Huge news in the photo sharing world today: SmugMug just announced that it has acquired Flickr from Yahoo, which was itself acquired by Verizon last year. This deal “will create the most influential photography community in the world,” SmugMug says.

SmugMug’s acquisition allows it to gain tens of millions of new Flickr photographers as customers, but the two brands and services will continue to operate as separate entities indefinitely.

“SmugMug and Flickr believe that all photographers—from the hobbyist to the prosumer to the professional—belong together,” SmugMug says.

SmugMug was founded in 2002 and for over 15 years has been supported by a business model that doesn’t rely on advertising or selling customer data. Customers pay between $4 and $30 for their SmugMug hosting plans depending on features desired.

This acquisition will likely be happy news for many Flickr photographers, as the service will finally be directly owned by a company that has long specialized in photo hosting and sharing. For years, Flickr users have grumbled about the direction of the service under Yahoo regarding things like lack of development and innovation, being out of touch with the photography community, adding interstitial ads to the service, and various missteps that rubbed users the wrong way.

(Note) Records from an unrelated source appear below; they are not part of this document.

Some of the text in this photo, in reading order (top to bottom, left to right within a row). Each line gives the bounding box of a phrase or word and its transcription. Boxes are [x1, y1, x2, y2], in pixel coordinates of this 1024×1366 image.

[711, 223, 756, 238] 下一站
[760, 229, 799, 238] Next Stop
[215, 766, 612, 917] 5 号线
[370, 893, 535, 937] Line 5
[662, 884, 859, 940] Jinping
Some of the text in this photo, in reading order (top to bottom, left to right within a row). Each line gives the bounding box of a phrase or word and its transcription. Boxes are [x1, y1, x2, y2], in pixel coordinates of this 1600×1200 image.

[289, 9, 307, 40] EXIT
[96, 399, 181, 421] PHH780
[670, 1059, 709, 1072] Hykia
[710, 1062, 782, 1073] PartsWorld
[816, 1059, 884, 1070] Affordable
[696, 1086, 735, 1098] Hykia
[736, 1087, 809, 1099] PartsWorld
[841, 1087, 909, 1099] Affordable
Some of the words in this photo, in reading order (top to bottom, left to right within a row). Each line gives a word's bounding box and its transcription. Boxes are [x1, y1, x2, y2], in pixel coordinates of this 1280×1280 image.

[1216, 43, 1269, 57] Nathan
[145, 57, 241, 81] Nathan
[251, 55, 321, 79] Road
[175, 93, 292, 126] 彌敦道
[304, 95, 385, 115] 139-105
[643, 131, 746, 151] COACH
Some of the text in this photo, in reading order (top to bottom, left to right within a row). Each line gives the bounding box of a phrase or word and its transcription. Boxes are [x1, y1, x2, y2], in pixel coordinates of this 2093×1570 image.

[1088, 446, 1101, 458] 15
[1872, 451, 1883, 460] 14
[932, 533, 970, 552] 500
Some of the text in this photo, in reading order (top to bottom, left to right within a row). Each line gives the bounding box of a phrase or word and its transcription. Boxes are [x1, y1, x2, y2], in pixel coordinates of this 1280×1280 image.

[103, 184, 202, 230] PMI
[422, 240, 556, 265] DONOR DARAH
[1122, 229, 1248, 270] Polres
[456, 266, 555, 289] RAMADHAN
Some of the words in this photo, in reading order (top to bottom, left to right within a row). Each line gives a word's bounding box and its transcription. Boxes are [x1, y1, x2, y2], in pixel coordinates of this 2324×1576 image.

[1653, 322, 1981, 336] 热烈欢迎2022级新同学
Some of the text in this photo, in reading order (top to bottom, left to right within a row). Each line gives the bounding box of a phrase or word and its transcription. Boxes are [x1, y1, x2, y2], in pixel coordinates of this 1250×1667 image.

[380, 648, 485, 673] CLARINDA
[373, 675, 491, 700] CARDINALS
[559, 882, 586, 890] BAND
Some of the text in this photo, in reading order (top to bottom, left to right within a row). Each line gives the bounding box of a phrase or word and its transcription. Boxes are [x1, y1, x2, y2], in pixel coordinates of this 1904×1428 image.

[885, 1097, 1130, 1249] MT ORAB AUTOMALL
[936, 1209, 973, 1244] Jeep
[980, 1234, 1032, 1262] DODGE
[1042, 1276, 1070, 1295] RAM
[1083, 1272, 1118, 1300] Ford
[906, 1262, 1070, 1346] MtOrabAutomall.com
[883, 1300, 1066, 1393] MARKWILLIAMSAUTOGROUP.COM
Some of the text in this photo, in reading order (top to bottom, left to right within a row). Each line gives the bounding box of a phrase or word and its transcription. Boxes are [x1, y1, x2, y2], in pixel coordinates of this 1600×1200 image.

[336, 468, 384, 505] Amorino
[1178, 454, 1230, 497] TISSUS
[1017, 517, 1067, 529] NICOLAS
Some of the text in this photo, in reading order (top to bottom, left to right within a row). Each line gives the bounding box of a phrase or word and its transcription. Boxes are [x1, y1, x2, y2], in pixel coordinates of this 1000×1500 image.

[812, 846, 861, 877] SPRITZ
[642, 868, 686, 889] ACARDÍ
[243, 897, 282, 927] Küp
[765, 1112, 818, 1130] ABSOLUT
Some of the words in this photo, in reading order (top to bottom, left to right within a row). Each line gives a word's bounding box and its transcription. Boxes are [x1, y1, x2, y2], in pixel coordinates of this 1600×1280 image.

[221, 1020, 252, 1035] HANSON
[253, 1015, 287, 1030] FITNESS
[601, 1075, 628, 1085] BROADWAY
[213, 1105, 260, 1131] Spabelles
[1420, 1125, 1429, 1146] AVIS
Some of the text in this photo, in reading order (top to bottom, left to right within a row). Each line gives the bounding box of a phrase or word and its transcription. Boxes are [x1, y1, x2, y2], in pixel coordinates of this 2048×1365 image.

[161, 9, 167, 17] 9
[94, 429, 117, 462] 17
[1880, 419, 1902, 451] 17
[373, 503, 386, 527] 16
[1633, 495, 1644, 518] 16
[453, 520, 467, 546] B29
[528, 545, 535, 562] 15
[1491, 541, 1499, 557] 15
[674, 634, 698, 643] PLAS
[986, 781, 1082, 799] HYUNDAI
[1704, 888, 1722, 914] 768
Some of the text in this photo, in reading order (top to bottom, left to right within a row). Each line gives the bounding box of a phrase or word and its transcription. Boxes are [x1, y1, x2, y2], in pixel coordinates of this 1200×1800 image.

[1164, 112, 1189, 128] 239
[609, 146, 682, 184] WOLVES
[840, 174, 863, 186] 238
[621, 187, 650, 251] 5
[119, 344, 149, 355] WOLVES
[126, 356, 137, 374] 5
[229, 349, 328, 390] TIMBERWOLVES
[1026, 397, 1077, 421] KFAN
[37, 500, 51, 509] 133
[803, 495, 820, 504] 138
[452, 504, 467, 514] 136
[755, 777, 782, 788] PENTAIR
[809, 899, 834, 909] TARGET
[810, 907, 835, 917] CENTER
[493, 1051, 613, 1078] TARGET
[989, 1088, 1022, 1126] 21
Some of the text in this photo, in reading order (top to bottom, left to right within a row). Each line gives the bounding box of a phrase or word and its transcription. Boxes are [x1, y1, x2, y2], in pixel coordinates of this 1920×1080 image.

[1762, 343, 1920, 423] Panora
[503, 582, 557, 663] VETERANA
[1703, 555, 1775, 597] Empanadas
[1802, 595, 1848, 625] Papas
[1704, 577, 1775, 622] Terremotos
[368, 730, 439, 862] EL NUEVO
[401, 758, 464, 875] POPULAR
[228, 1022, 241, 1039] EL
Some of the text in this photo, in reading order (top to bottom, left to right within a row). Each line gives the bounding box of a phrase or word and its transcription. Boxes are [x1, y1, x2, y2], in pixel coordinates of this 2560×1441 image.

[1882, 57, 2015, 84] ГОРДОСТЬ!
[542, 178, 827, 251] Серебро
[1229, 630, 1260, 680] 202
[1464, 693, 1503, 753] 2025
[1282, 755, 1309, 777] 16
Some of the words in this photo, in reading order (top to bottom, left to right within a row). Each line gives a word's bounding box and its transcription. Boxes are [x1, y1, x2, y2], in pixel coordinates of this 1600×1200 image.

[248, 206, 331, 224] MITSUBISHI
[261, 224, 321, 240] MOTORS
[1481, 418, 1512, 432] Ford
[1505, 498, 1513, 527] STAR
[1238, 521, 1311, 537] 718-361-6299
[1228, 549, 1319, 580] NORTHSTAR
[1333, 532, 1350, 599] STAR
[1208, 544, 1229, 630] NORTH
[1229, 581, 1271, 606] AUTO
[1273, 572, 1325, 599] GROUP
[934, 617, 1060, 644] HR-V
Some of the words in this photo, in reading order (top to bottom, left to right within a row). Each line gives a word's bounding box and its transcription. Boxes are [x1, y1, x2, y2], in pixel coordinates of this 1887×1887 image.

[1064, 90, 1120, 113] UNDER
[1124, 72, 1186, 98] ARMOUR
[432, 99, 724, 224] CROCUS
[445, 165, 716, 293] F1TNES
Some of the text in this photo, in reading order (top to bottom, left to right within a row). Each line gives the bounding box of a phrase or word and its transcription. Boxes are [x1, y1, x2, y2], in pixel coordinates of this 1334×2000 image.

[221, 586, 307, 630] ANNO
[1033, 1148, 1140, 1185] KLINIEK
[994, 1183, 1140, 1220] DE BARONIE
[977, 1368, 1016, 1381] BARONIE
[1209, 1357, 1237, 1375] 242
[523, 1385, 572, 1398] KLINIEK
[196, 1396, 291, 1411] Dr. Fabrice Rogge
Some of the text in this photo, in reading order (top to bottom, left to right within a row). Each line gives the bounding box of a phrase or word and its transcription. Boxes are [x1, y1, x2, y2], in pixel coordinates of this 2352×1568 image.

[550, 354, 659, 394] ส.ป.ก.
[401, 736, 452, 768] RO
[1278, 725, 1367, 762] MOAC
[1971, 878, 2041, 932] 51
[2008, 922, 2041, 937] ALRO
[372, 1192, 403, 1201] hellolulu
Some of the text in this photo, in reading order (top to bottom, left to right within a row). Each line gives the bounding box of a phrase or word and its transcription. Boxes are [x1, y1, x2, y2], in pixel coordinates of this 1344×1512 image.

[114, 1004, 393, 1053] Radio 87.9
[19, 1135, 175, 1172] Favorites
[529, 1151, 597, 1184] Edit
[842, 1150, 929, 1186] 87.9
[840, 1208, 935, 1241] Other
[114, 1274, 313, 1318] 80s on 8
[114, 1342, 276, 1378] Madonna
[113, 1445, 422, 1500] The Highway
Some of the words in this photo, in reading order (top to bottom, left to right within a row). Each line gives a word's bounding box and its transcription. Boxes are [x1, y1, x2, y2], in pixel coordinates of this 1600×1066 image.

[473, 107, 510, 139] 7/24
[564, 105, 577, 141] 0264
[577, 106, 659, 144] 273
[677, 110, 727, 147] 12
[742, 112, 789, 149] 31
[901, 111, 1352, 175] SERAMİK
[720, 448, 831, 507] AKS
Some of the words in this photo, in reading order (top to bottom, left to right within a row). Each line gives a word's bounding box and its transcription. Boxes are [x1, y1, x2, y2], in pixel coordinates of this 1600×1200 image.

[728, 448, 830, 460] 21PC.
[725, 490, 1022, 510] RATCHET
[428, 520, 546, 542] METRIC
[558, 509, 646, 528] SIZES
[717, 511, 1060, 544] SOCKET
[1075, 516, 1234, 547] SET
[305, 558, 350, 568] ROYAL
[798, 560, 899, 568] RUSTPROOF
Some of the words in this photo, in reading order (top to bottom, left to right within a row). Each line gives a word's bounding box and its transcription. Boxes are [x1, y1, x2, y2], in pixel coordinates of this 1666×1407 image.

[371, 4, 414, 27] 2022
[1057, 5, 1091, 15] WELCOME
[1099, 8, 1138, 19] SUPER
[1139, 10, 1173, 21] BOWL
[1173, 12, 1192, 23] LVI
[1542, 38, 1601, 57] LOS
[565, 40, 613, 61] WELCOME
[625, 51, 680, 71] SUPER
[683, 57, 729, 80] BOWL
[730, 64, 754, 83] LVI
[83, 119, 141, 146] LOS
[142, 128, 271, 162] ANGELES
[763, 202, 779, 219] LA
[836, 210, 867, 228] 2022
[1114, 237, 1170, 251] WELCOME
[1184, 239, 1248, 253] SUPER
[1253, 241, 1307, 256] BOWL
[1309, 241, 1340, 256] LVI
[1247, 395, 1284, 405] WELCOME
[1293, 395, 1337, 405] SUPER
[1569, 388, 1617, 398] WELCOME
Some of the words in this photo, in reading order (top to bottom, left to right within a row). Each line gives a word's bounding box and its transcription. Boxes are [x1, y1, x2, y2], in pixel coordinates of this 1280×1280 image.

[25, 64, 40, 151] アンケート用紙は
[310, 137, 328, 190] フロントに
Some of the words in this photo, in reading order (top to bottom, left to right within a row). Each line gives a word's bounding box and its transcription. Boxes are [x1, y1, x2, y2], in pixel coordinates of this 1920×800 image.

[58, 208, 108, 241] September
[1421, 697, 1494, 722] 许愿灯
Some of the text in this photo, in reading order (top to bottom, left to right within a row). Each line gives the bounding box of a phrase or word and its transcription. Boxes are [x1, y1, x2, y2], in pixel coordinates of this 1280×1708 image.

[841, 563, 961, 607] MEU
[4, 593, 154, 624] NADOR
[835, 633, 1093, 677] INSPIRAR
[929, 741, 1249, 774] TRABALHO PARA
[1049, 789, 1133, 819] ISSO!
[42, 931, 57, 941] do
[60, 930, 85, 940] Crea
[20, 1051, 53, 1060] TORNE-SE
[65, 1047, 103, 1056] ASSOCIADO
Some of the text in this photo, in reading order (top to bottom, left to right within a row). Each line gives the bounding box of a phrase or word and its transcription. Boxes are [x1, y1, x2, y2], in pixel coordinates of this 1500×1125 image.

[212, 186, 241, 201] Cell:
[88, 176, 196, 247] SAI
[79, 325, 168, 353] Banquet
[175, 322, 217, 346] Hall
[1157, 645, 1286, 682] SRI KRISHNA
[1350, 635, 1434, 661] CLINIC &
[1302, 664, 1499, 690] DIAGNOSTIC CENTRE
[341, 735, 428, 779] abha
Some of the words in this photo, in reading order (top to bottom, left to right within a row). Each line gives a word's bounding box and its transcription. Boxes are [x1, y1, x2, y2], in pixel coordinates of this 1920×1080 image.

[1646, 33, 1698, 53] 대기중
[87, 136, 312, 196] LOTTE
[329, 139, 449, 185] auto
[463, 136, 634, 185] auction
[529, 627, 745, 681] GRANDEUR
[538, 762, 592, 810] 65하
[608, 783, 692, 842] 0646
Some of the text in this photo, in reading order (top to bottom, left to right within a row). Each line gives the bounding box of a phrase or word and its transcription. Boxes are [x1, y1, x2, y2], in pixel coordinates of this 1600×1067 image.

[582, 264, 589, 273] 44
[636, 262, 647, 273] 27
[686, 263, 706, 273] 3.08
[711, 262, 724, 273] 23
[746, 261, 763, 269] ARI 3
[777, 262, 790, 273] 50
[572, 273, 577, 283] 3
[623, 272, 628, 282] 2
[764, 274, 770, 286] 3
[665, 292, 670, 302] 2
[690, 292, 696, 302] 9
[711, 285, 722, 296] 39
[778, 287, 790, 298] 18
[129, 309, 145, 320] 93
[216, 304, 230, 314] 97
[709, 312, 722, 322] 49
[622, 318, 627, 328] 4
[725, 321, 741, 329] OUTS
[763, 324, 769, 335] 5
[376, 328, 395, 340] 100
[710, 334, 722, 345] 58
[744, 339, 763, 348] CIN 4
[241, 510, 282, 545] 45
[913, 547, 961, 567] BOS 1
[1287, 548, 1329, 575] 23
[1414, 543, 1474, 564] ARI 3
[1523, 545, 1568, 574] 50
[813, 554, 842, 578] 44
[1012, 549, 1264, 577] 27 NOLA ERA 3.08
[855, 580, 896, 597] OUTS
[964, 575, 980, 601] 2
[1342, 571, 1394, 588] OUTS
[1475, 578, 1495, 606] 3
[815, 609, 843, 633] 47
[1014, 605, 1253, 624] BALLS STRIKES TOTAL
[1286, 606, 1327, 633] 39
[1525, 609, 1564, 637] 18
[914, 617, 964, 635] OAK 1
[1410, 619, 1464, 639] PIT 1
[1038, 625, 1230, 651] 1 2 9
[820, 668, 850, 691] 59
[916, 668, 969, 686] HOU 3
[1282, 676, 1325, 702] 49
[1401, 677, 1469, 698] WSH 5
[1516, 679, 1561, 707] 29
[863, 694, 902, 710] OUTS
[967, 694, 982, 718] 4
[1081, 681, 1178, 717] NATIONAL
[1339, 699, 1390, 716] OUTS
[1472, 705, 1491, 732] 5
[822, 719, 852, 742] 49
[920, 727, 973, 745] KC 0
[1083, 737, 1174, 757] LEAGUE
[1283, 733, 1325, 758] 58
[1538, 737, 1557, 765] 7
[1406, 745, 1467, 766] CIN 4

Flickr’s acquisition comes two months after rival 500px was acquired by Visual China Group, a Chinese photo agency that’s known as the “Getty Images of China.” Unlike VCG, a stock photo heavyweight, SmugMug is more known for offering a platform that professional photographers use to directly sell high-quality digital and print media to customers with their own pricing.

“Since day one our passion has been empowering photographers to tell the stories they want to tell, the way they want to tell them, and our investment in Flickr reaffirms this commitment,” says SmugMug CEO Don MacAskill, CEO of SmugMug. “Uniting the SmugMug and Flickr brands will make the whole photography community stronger and better connected.

“The enduring quality of photography is so much more than clicks and likes—photography has the power to change the world. Together, we can preserve photography as the global language of storytelling.”


“We share SmugMug’s mission to cater to people—professionals, amateurs, and everybody in between— who invest time, energy and love into their photos,” says Andrew Stadlen of Flickr. “We look forward to becoming part of the SmugMug family and continue to grow, innovate and delight our global community of photographers.”

Terms of the deal, including the acquisition price, were not disclosed.